__WHAT THIS TASK INVOLVES__. Could you retype all of the data below exactly as given?

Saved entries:
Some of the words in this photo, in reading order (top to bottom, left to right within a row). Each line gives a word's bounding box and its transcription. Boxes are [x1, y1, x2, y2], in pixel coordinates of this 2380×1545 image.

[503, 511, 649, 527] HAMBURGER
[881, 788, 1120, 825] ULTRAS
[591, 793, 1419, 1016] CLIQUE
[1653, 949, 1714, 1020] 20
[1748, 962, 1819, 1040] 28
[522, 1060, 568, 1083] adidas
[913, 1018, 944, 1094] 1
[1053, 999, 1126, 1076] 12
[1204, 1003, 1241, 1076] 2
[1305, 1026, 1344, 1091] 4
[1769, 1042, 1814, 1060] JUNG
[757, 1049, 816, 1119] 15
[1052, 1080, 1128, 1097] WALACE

__TASK RESULT__.
Some of the words in this photo, in reading order (top to bottom, left to right within a row). Each line gives a word's bounding box and its transcription. Boxes are [x1, y1, x2, y2], in pixel coordinates of this 2380×1545 image.

[503, 511, 649, 527] HAMBURGER
[881, 788, 1120, 825] ULTRAS
[591, 793, 1419, 1016] CLIQUE
[1653, 949, 1714, 1020] 20
[1748, 962, 1819, 1040] 28
[522, 1060, 568, 1083] adidas
[913, 1018, 944, 1094] 1
[1053, 999, 1126, 1076] 12
[1204, 1003, 1241, 1076] 2
[1305, 1026, 1344, 1091] 4
[1769, 1042, 1814, 1060] JUNG
[757, 1049, 816, 1119] 15
[1052, 1080, 1128, 1097] WALACE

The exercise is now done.